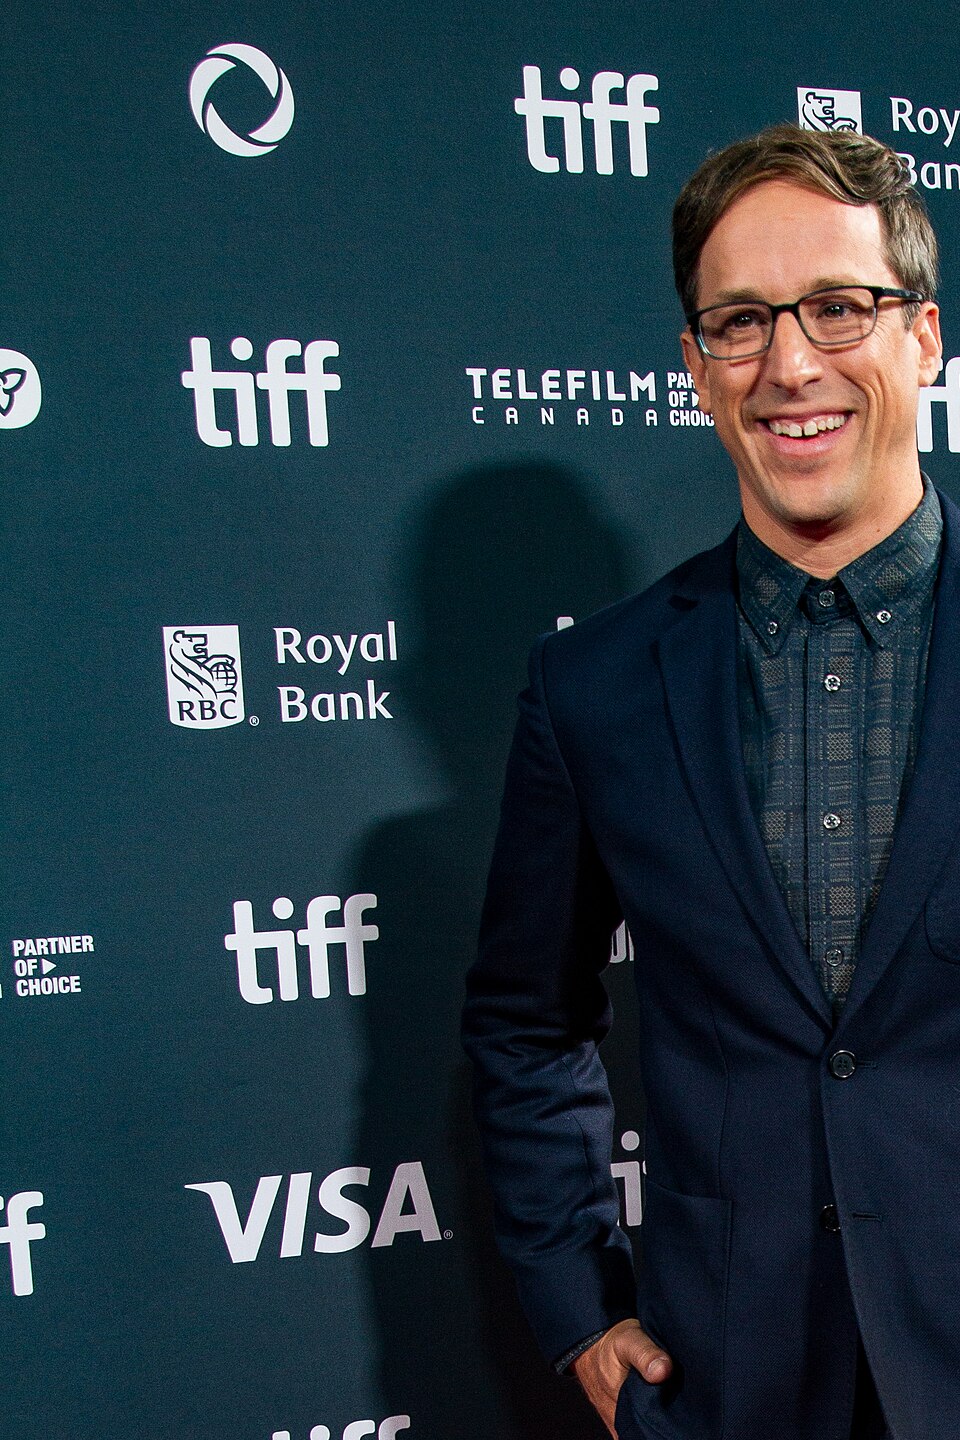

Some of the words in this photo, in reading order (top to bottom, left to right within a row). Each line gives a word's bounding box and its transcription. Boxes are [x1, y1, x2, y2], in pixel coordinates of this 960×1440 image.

[513, 65, 661, 178] tiff
[181, 336, 342, 448] tiff
[465, 367, 657, 402] TELEFILM
[668, 390, 688, 408] OF
[472, 407, 658, 426] CANADA
[272, 620, 398, 676] Royal
[177, 698, 238, 721] RBC
[277, 679, 394, 723] Bank
[12, 935, 95, 957] PARTNER
[223, 893, 380, 1005] tiff
[15, 958, 38, 977] OF
[16, 975, 82, 997] CHOICE
[184, 1161, 443, 1264] VISA
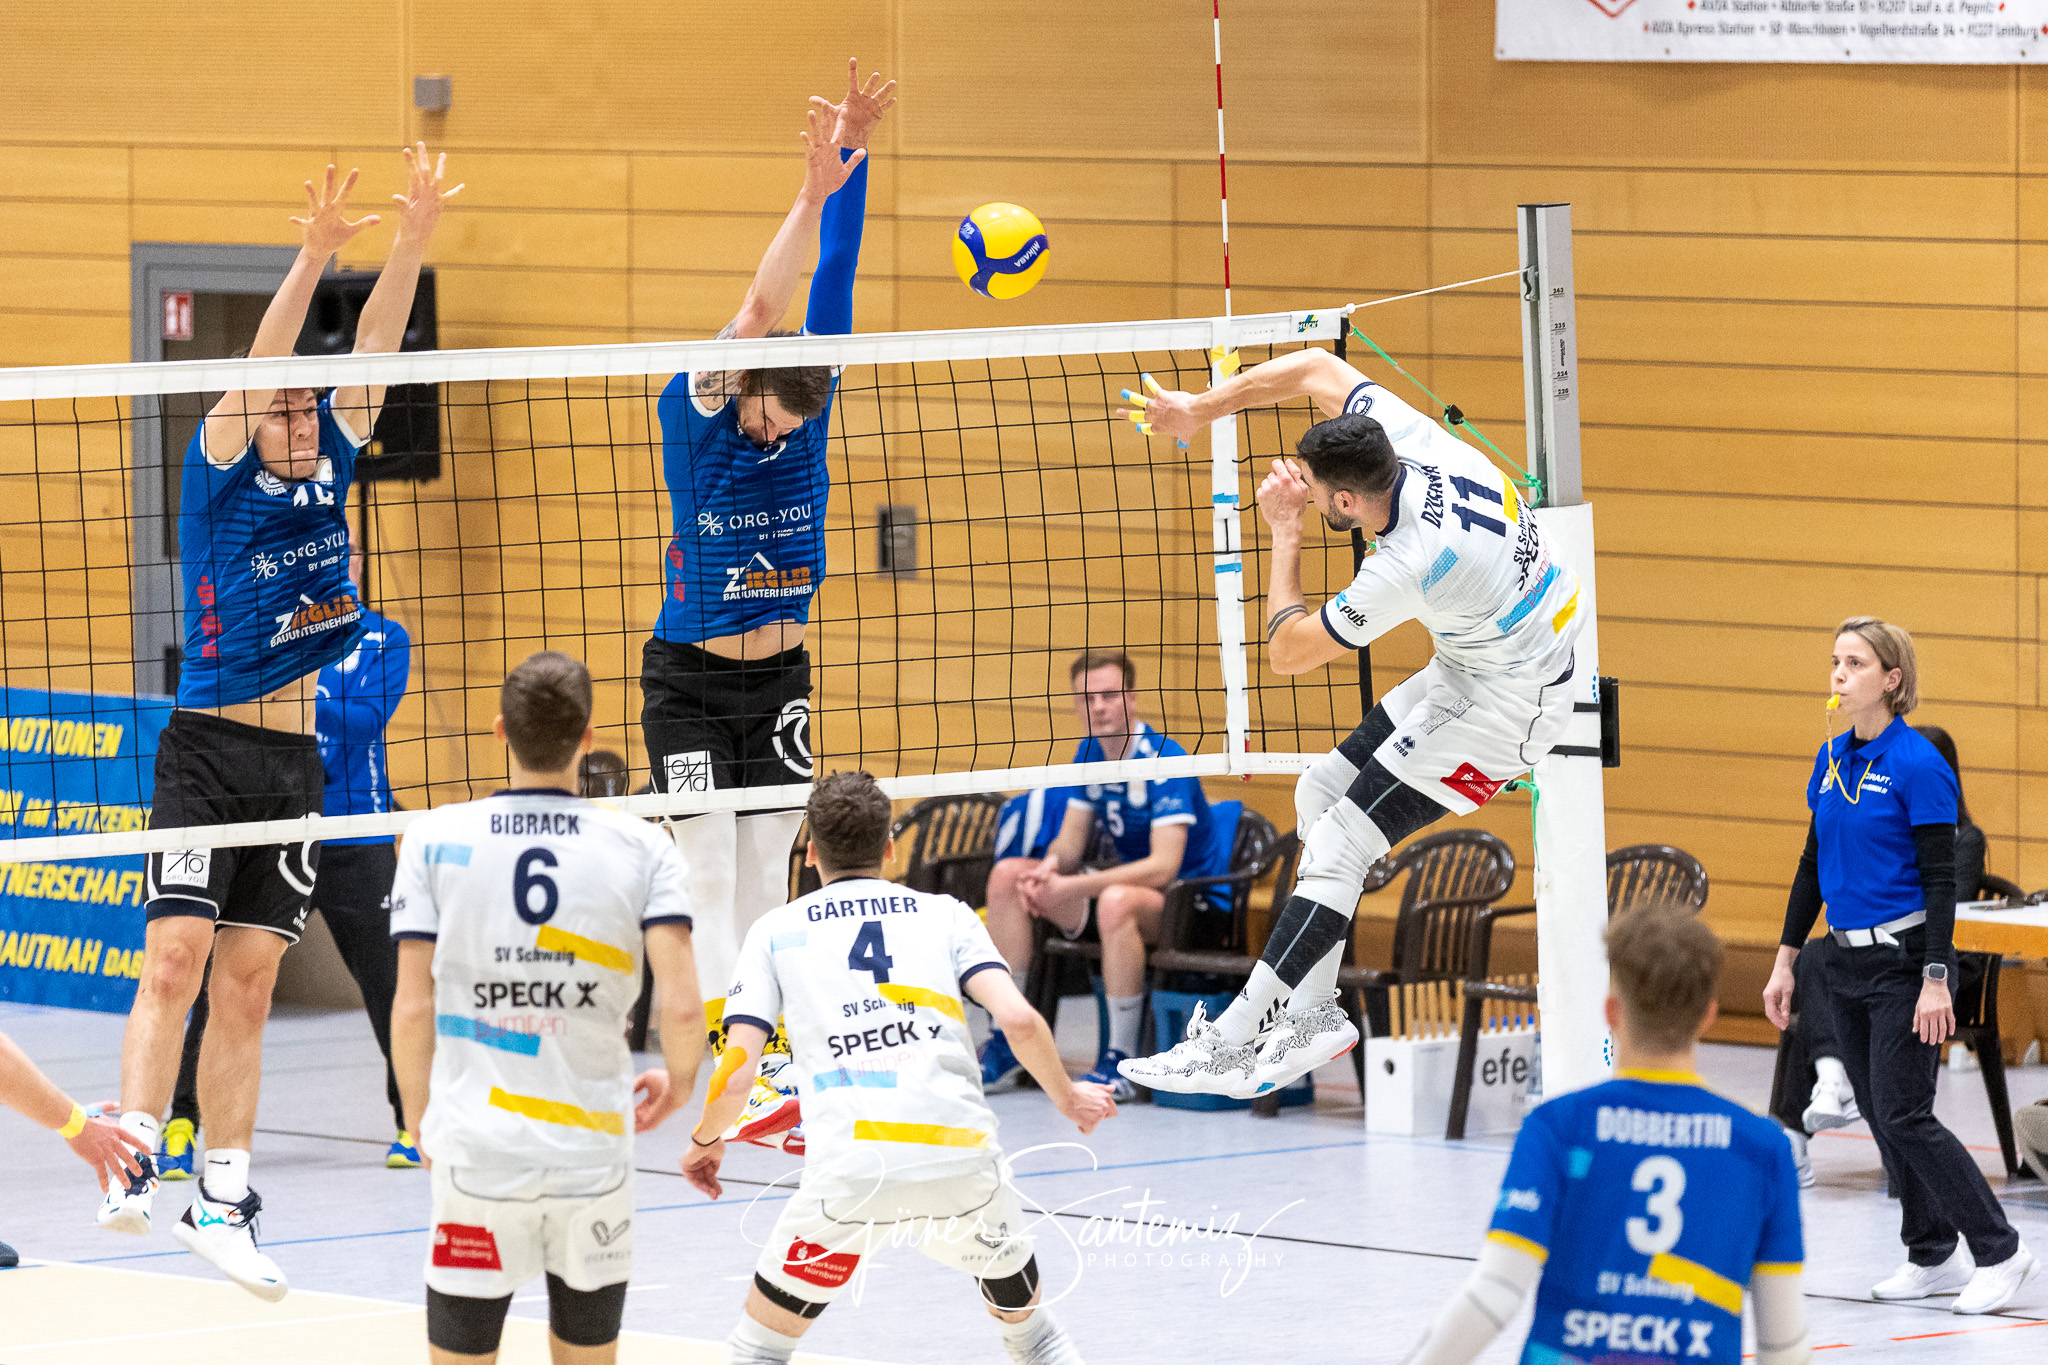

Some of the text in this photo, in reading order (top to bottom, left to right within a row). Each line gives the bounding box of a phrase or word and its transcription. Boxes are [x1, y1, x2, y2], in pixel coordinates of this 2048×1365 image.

[729, 504, 812, 530] ORG-YOU
[1448, 474, 1506, 538] 11
[722, 583, 813, 602] BAUUNTERNEHMEN
[269, 609, 361, 649] BAUUNTERNEHMEN
[1339, 604, 1369, 628] puls
[490, 812, 580, 836] BIBRACK
[512, 847, 560, 926] 6
[807, 896, 918, 923] GÄRTNER
[495, 946, 511, 962] SV
[847, 920, 895, 985] 4
[474, 982, 565, 1009] SPECK
[843, 998, 916, 1018] SV Schaig
[827, 1020, 921, 1060] SPECK
[1625, 1155, 1688, 1258] 3
[1562, 1309, 1682, 1354] SPECK
——
**ASSIGNED TASK**
Copy out the lines starting at the one containing "Some of the text" and ending with the last line of the entries. Include nothing else.

**ANSWER BOX**
Some of the text in this photo, in reading order (top to bottom, left to right within a row). Each line gives the bounding box of a phrase or word and its transcription. Boxes are [x1, y1, x2, y2], in pixel coordinates of this 2048×1365 image.

[729, 504, 812, 530] ORG-YOU
[1448, 474, 1506, 538] 11
[722, 583, 813, 602] BAUUNTERNEHMEN
[269, 609, 361, 649] BAUUNTERNEHMEN
[1339, 604, 1369, 628] puls
[490, 812, 580, 836] BIBRACK
[512, 847, 560, 926] 6
[807, 896, 918, 923] GÄRTNER
[495, 946, 511, 962] SV
[847, 920, 895, 985] 4
[474, 982, 565, 1009] SPECK
[843, 998, 916, 1018] SV Schaig
[827, 1020, 921, 1060] SPECK
[1625, 1155, 1688, 1258] 3
[1562, 1309, 1682, 1354] SPECK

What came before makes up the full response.